With all this talk about how all PC's will soon become AI PC's I kept wondering how it would affect BOINC and Folding@home. So far there is little information on it and all I could really find was a forum thread on the now completed MLC@Home project
https://www.mlcathome.org/mlcathome/forum_thread.php?id=4
I guess unless the programmers design code for these chips not much will change but like the Tensor cores in Nvidia chipsets I'm sure it will be just a matter of time.
It seems that the Intel NPU and Ryzen AI just save on power consumption at the moment.

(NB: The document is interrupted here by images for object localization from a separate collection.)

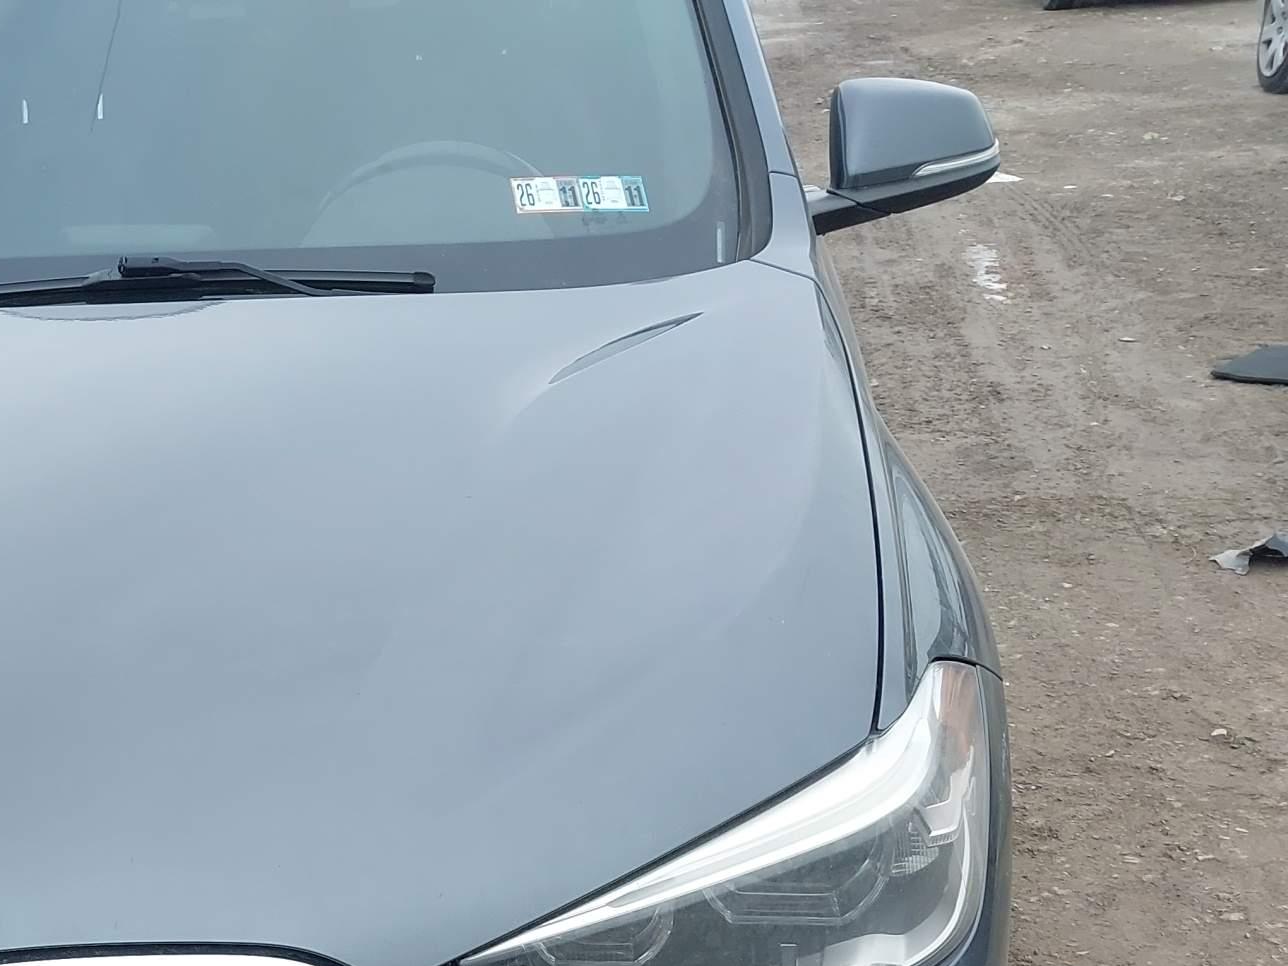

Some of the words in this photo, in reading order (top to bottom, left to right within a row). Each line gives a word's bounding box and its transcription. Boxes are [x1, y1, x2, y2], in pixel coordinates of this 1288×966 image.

[516, 183, 535, 206] 26
[559, 186, 579, 207] 11
[582, 182, 601, 205] 26
[624, 185, 647, 207] 11
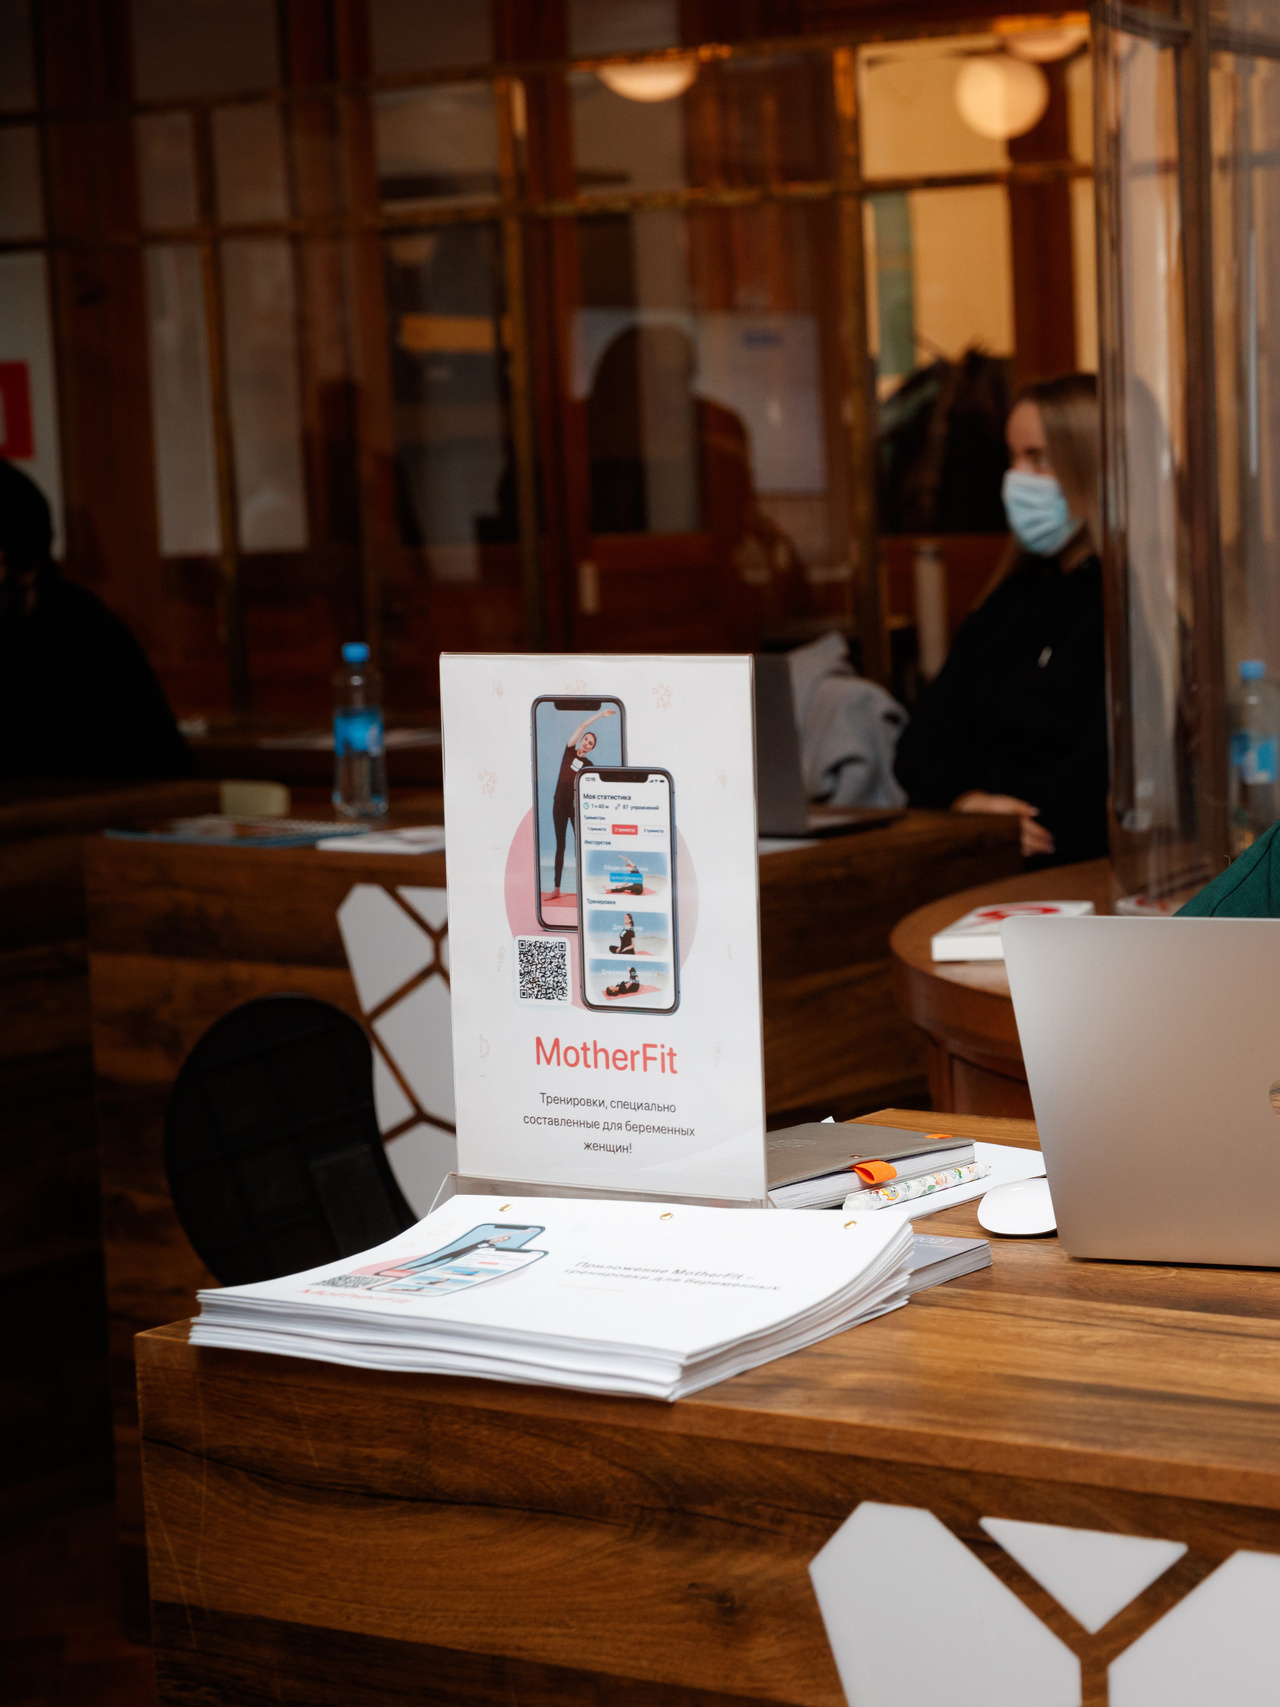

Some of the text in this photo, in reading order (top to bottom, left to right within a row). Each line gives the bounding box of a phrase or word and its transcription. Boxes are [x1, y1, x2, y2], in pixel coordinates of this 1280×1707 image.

[535, 1036, 678, 1075] MotherFit
[539, 1092, 677, 1113] Тренировки, специально
[523, 1114, 696, 1137] составленные для беременных
[583, 1141, 632, 1154] женщин!
[563, 1268, 650, 1281] тренировки
[574, 1261, 669, 1275] Приложение
[671, 1268, 744, 1279] MotherFit
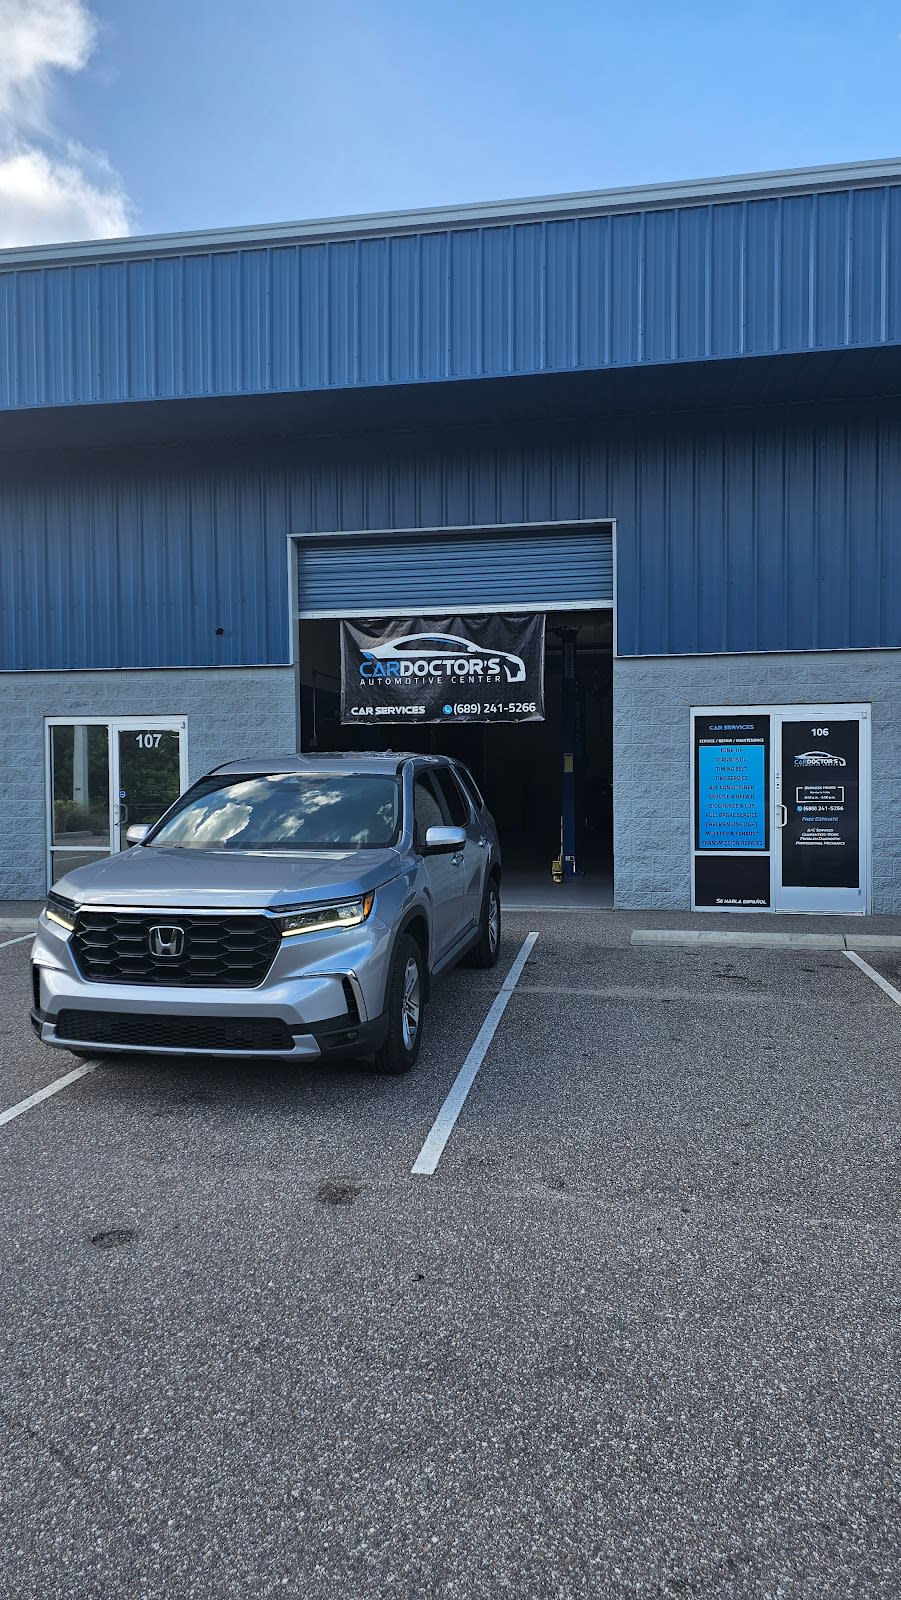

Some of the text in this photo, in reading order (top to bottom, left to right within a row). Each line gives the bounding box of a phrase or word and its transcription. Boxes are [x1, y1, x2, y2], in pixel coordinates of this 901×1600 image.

[359, 658, 501, 678] CARDOCTOR'S
[359, 675, 501, 686] AUTOMOTIVE CENTER
[351, 705, 426, 716] CAR SERVICES
[453, 702, 536, 715] (689) 241-5266
[811, 728, 829, 737] 106
[136, 733, 162, 748] 107
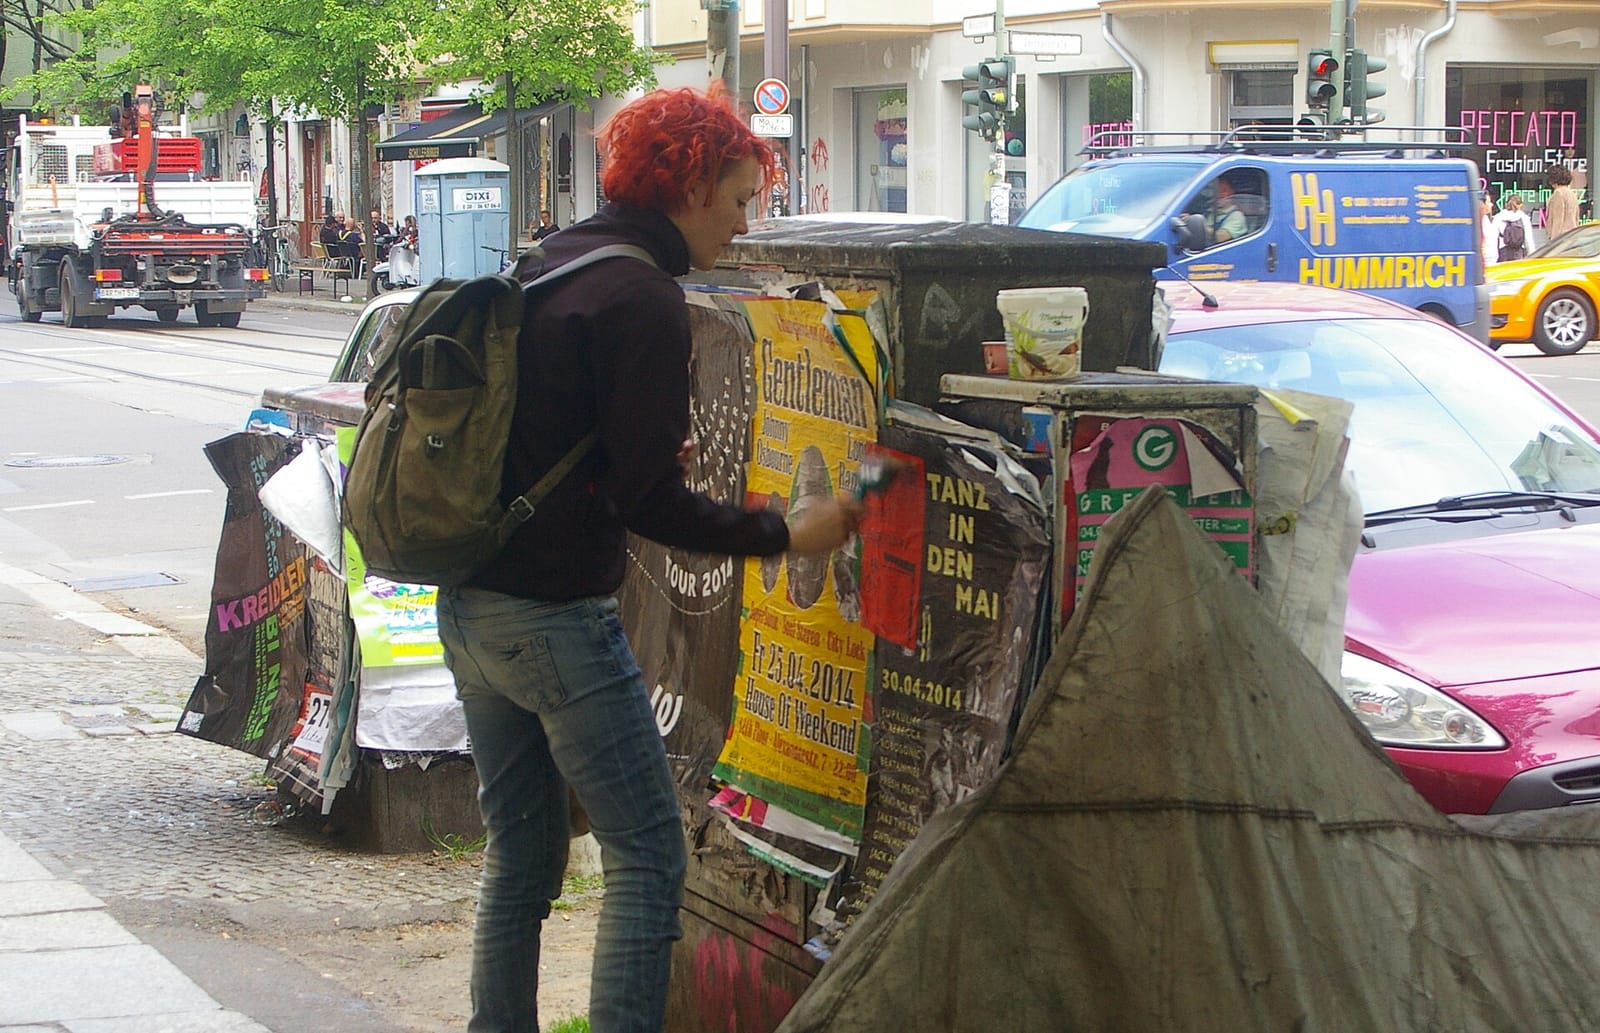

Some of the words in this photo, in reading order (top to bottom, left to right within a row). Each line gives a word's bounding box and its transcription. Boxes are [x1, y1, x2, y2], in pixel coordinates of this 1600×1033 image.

Here are a couple of articles to read
https://www.tomshardware.com/laptops/i-tested-intels-meteor-lake-cpus-on-ai-workloads-and-amds-chips-sometimes-beat-them
https://www.intel.com/content/www/us/en/newsroom/news/core-ultra-client-computing-news-1.html
https://www.amd.com/en/products/processors/consumer/ryzen-ai.html
On another note using BOINC to crack passwords is an interesting use of the software
https://www.sciencedirect.com/science/article/abs/pii/S1742287619301446
Thanks Ab. There are only so many ways to move bits through a processor and there is a crudload ($trillions$) invested in existing hardware and software development. I doubt a paradigm shift will happen fast unless it supports and/or rebuilds existing legacy code. Given $AI is $dollar driven, I doubt it will be a sunami of change. ... and unless they can stop robbing m/b real estate with slot hog GPU's, things need to get smaller before they get any bigger.
Besides, $AI is just a series of chained if/then condition statements. It requires trillions more logic gates to be truly neural, and unbounded output makes things like what Musk posted on twitter today (i.e it's a farce). Just like hyperthreading is/was. My 20c.
Completely agree with you on that one. There is a lot of money in AI and BOINC doesn't really produce the dollars. Still cheaper then time on a supet computer.
Google has its Alpha Fold AI for folding proteins bht that doesn't mean that power will be in consumer hands.
I remember why the PhysX chip first came out. It was a separate card that plugged into your M/B and took some of the heat off of the CPU. PhysX is kinda standard now but it's up to programmers to utilise it.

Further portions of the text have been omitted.